## What the task requires
Return the data exactly, with all pictures removed.

Spatial localization data:
● ● ● ●
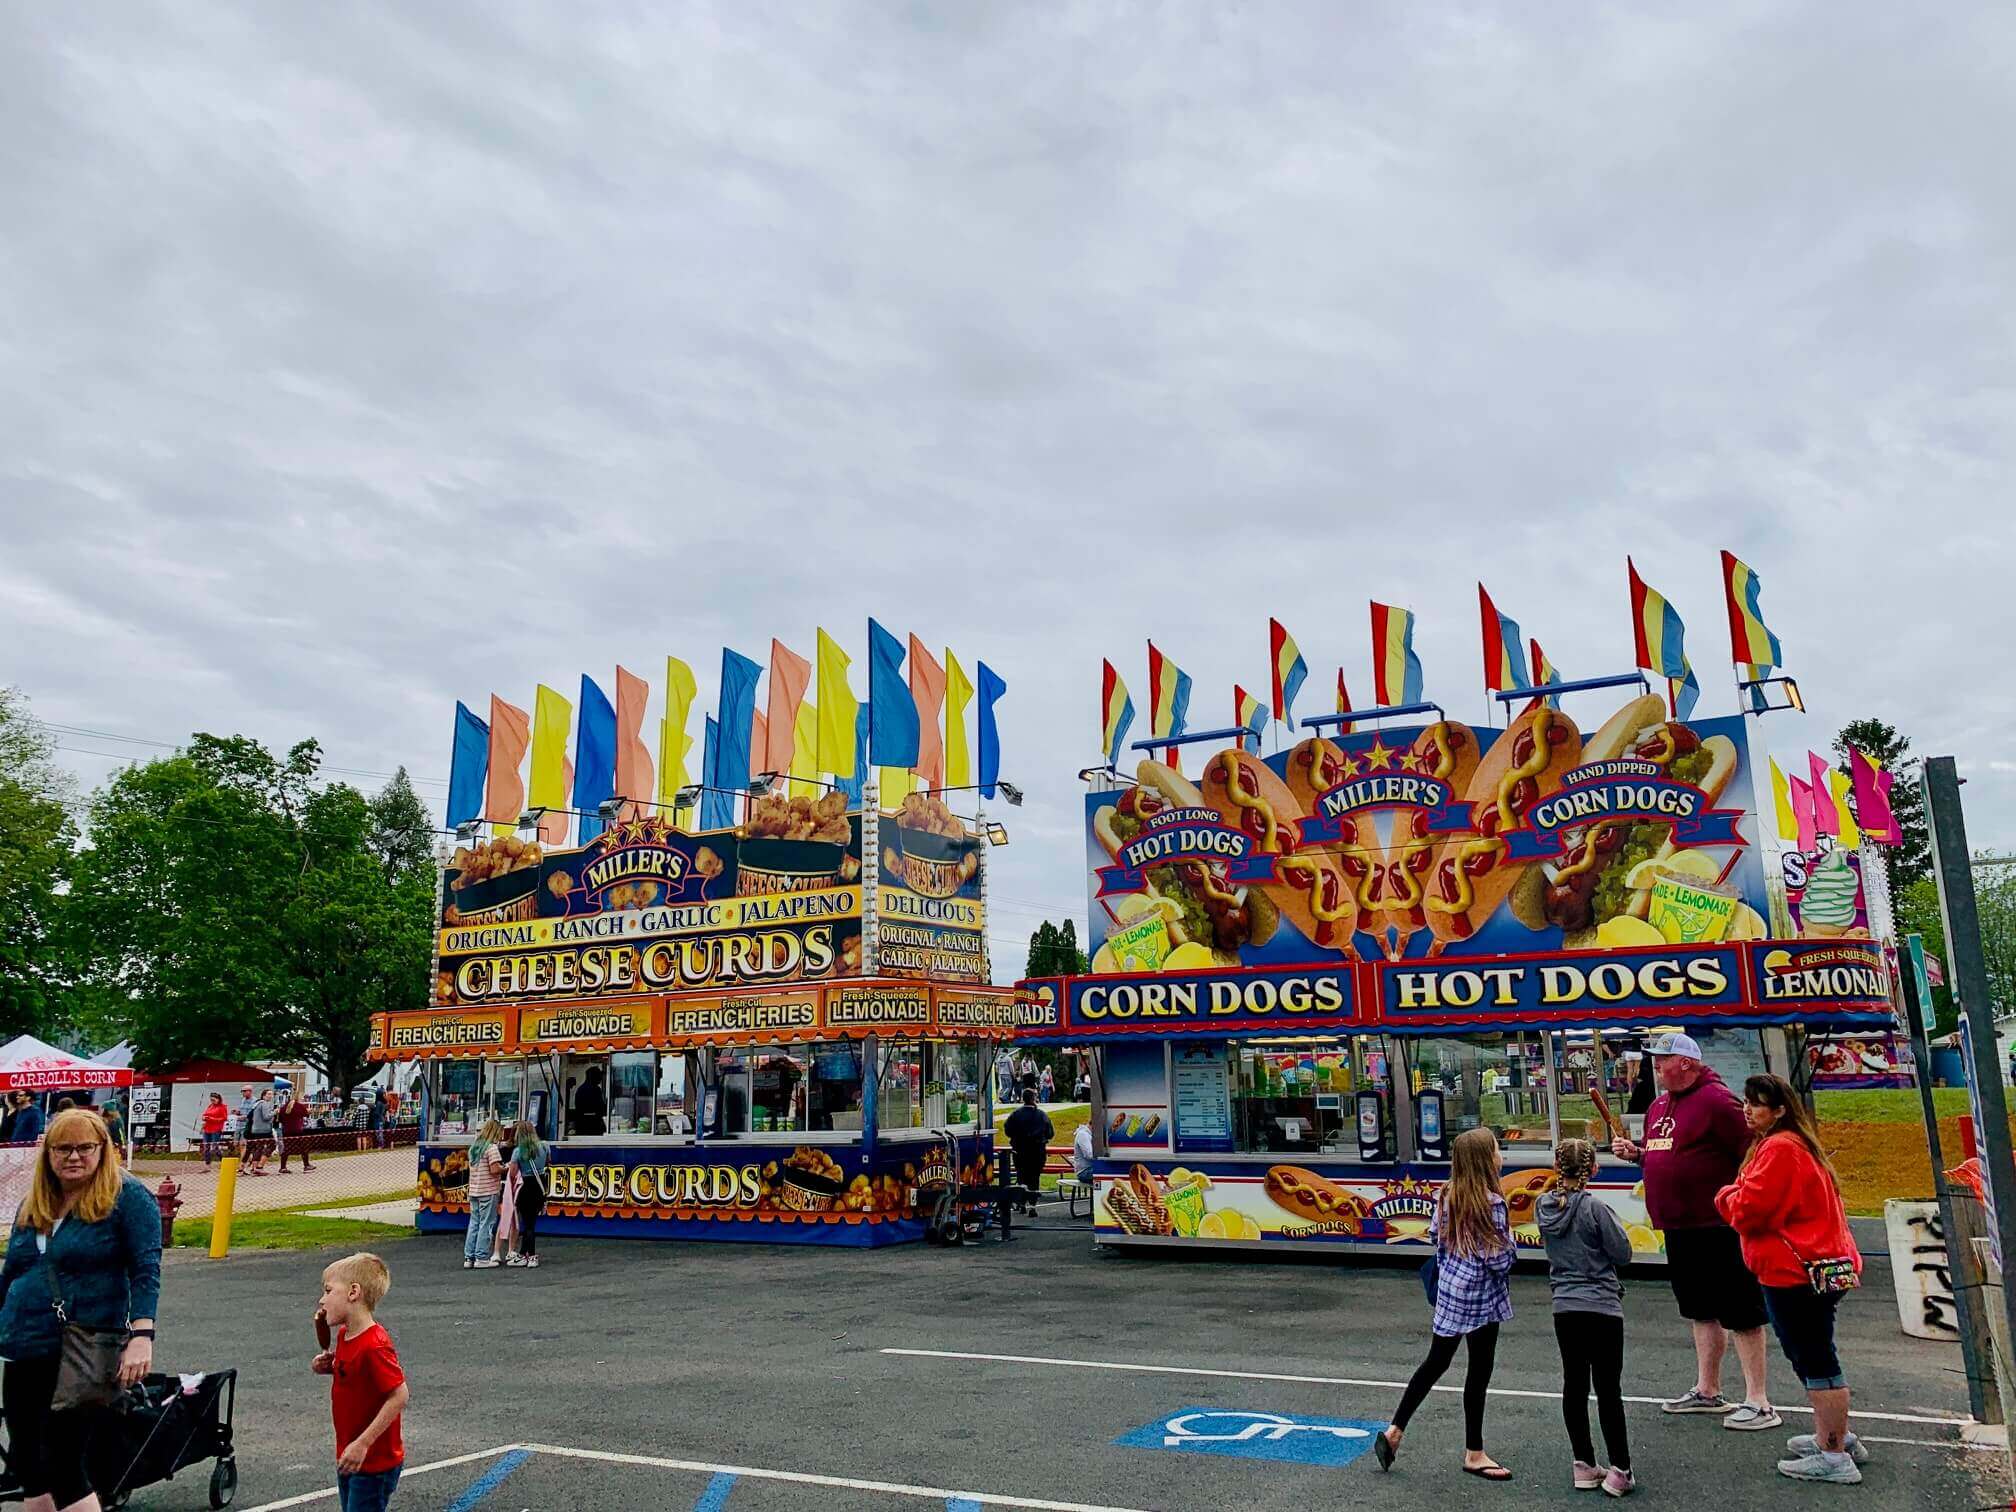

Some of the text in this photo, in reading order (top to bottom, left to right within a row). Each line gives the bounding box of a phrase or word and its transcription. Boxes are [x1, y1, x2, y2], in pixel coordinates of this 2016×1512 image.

[1567, 761, 1657, 785] HAND DIPPED
[1323, 778, 1441, 819] MILLER'S
[1536, 785, 1695, 829] CORN DOGS
[1150, 810, 1219, 829] FOOT LONG
[1127, 829, 1245, 868] HOT DOGS
[588, 851, 683, 890] MILLER'S
[446, 891, 855, 951] ORIGINAL RANCH GARLIC JALAPENO
[884, 893, 976, 924] DELICIOUS
[880, 924, 979, 953] ORIGINAL RANCH
[456, 926, 835, 1002] CHEESE CURDS
[880, 947, 981, 976] GARLIC JALAPENO
[1800, 949, 1879, 967] FRESH SQUEEZED
[1080, 976, 1344, 1018] CORN DOGS
[1396, 958, 1728, 1008] HOT DOGS
[672, 1003, 814, 1031] FRENCH FRIES
[831, 1000, 927, 1021] LEMONADE
[937, 1002, 993, 1024] FRENCH
[391, 1021, 502, 1046] FRENCH FRIES
[538, 1015, 632, 1037] LEMONADE
[10, 1071, 117, 1087] CARROLL'S CORN
[629, 1164, 761, 1206] CURDS
[1280, 1219, 1351, 1240] CORN DOGS
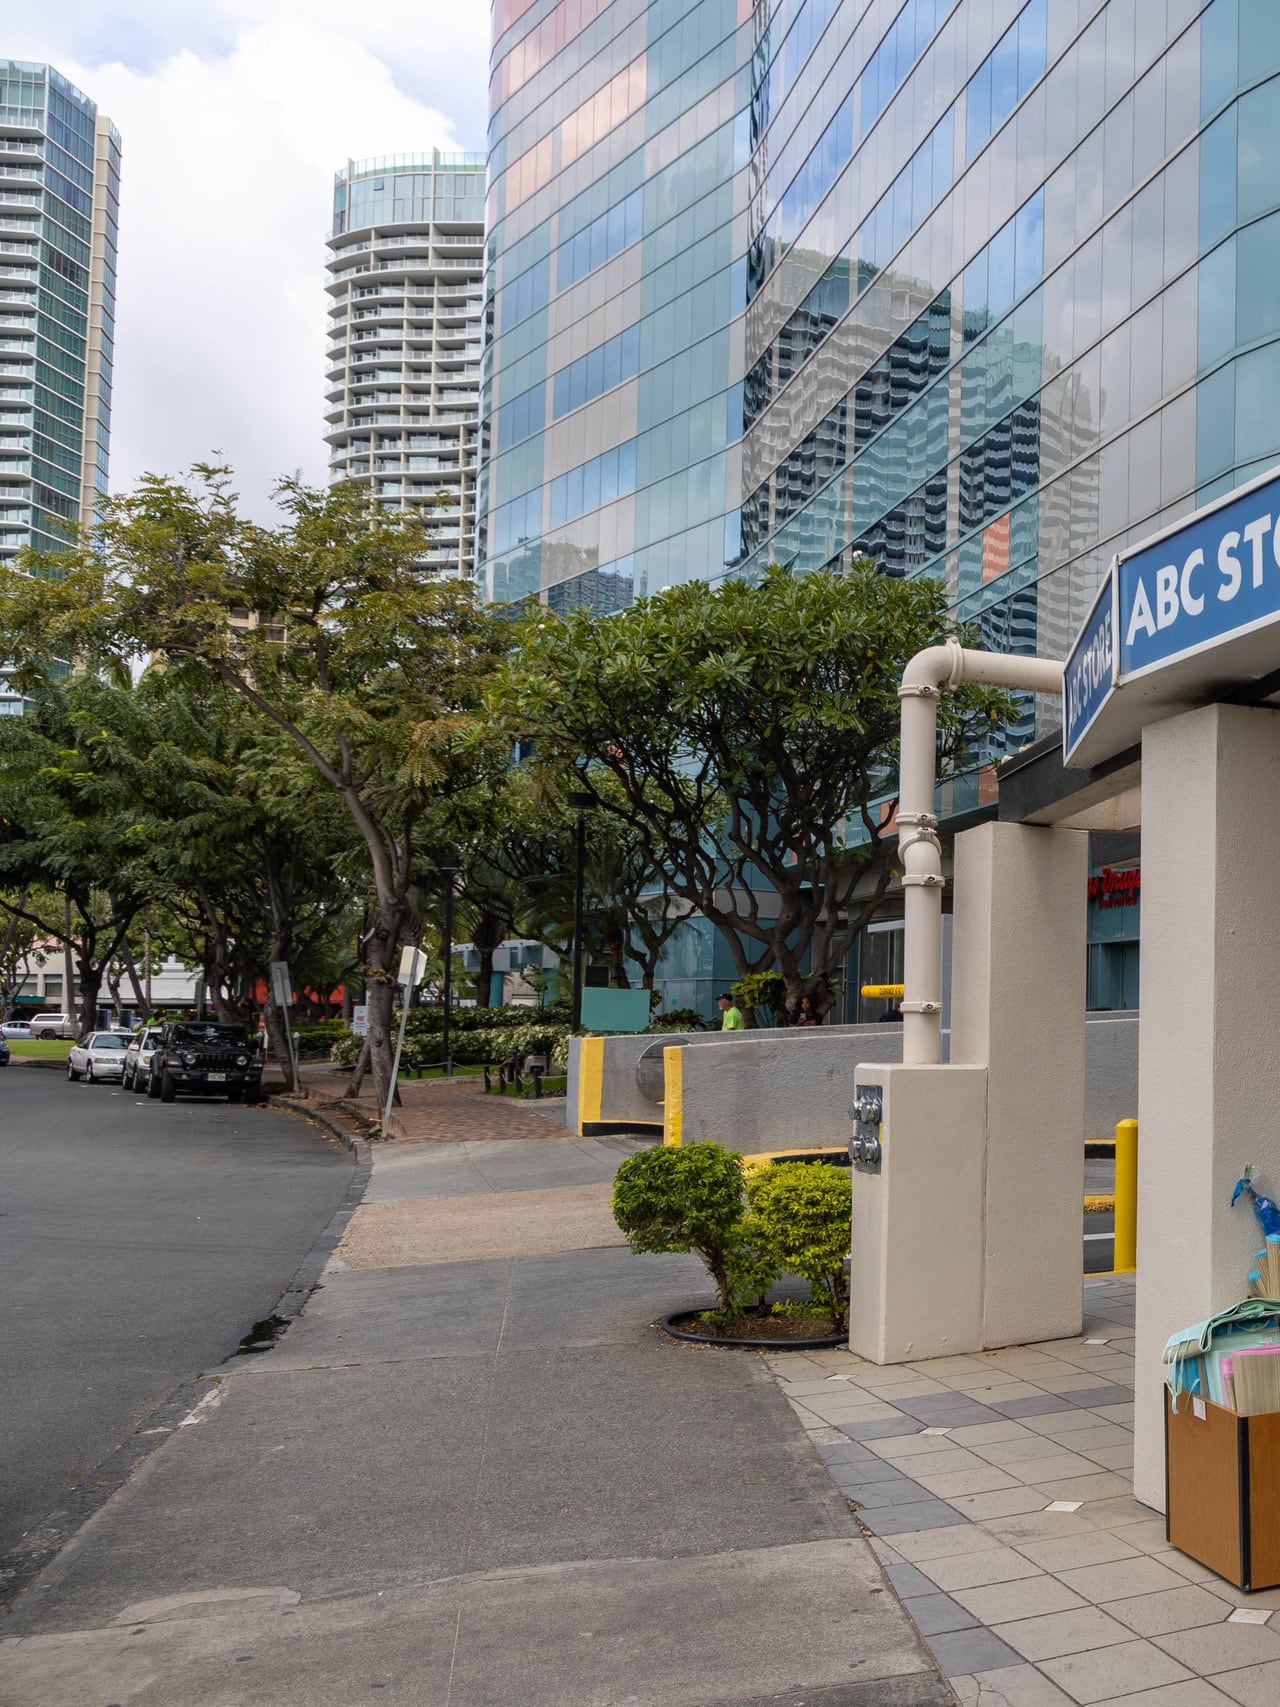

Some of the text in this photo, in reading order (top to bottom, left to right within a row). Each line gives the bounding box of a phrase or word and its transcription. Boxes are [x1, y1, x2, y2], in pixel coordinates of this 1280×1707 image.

[1126, 549, 1205, 646] ABC
[1068, 610, 1113, 735] ABC STORE
● ● ● ●
## Answer area
Some of the text in this photo, in reading order (top to bottom, left to right within a row). Each line gives the bounding box of a phrase or word and its transcription. Boxes are [x1, y1, x2, y2], in pixel coordinates of this 2016×1512 image.

[1567, 761, 1657, 785] HAND DIPPED
[1323, 778, 1441, 819] MILLER'S
[1536, 785, 1695, 829] CORN DOGS
[1150, 810, 1219, 829] FOOT LONG
[1127, 829, 1245, 868] HOT DOGS
[588, 851, 683, 890] MILLER'S
[446, 891, 855, 951] ORIGINAL RANCH GARLIC JALAPENO
[884, 893, 976, 924] DELICIOUS
[880, 924, 979, 953] ORIGINAL RANCH
[456, 926, 835, 1002] CHEESE CURDS
[880, 947, 981, 976] GARLIC JALAPENO
[1800, 949, 1879, 967] FRESH SQUEEZED
[1080, 976, 1344, 1018] CORN DOGS
[1396, 958, 1728, 1008] HOT DOGS
[672, 1003, 814, 1031] FRENCH FRIES
[831, 1000, 927, 1021] LEMONADE
[937, 1002, 993, 1024] FRENCH
[391, 1021, 502, 1046] FRENCH FRIES
[538, 1015, 632, 1037] LEMONADE
[10, 1071, 117, 1087] CARROLL'S CORN
[629, 1164, 761, 1206] CURDS
[1280, 1219, 1351, 1240] CORN DOGS

Some of the text in this photo, in reading order (top to bottom, left to right within a row). Each line gives the bounding box of a phrase or word and its transcription. Boxes are [x1, y1, x2, y2], in pixel coordinates of this 1280×1707 image.

[1126, 549, 1205, 646] ABC
[1068, 610, 1113, 735] ABC STORE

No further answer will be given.